What you need to do |
The entries must be repeated verbatim, and their images left out.

Saved entries
^^^^^^^^

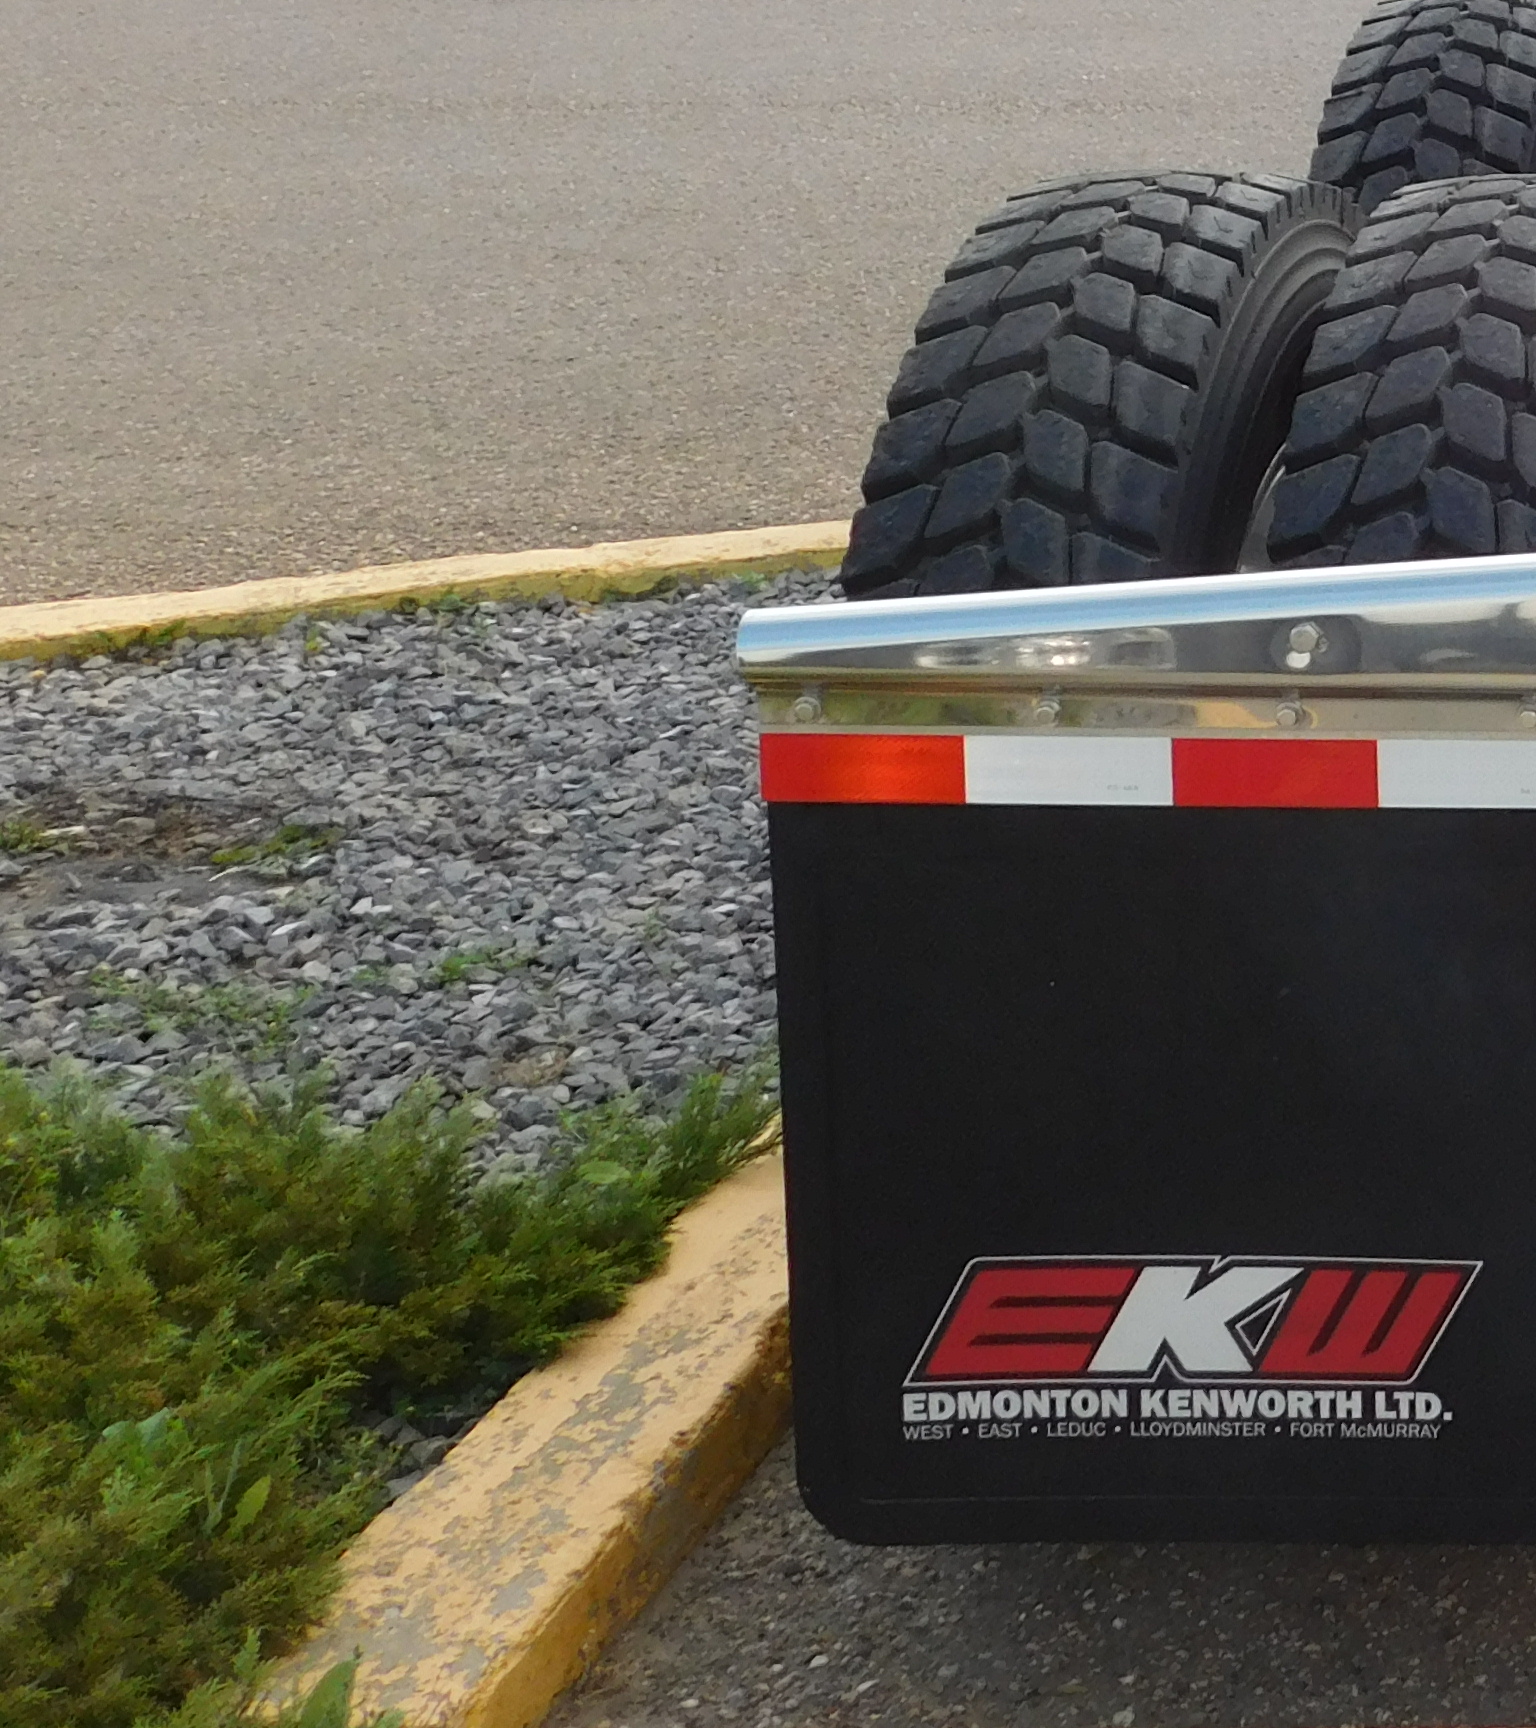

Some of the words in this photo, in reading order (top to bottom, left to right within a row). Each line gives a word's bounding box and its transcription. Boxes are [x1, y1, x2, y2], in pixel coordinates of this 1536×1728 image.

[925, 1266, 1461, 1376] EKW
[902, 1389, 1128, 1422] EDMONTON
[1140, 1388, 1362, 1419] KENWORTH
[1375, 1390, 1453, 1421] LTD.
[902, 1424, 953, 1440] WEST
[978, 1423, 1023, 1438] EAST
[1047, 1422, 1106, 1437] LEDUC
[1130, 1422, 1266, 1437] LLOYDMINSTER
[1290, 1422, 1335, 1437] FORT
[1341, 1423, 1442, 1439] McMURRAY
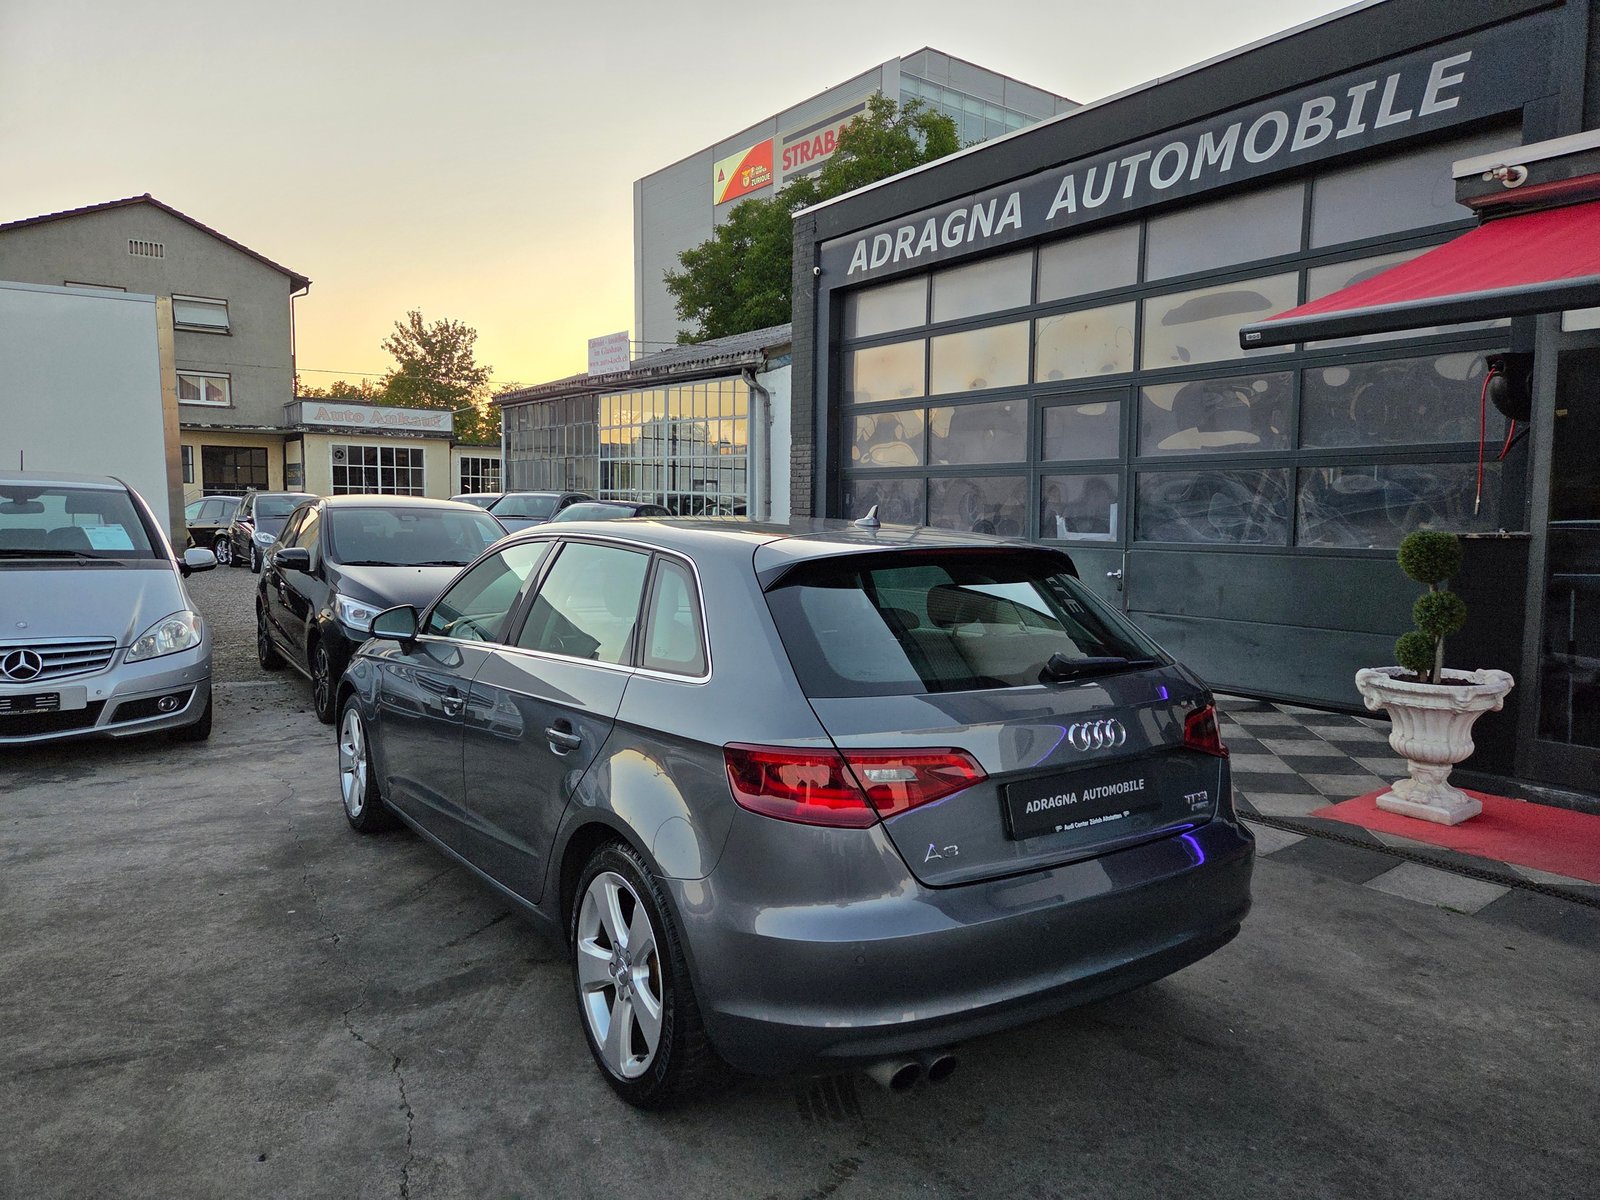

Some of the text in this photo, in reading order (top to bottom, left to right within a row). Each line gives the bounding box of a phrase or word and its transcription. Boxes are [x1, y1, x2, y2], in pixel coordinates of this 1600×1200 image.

^^^^^^^^

Answer to this problem |
Some of the words in this photo, in reading order (top to bottom, left to right within a row). Each line gives a word's bounding box and its transcription. Boxes are [x1, y1, x2, y2], in pixel coordinates of this 1536×1728 image.

[925, 1266, 1461, 1376] EKW
[902, 1389, 1128, 1422] EDMONTON
[1140, 1388, 1362, 1419] KENWORTH
[1375, 1390, 1453, 1421] LTD.
[902, 1424, 953, 1440] WEST
[978, 1423, 1023, 1438] EAST
[1047, 1422, 1106, 1437] LEDUC
[1130, 1422, 1266, 1437] LLOYDMINSTER
[1290, 1422, 1335, 1437] FORT
[1341, 1423, 1442, 1439] McMURRAY

Some of the text in this photo, in reading order (top to bottom, left to right within a row). Each line gives the bounding box of a phrase or word and its transcription. Boxes are [x1, y1, x2, y2], in pixel coordinates of this 1600×1200 image.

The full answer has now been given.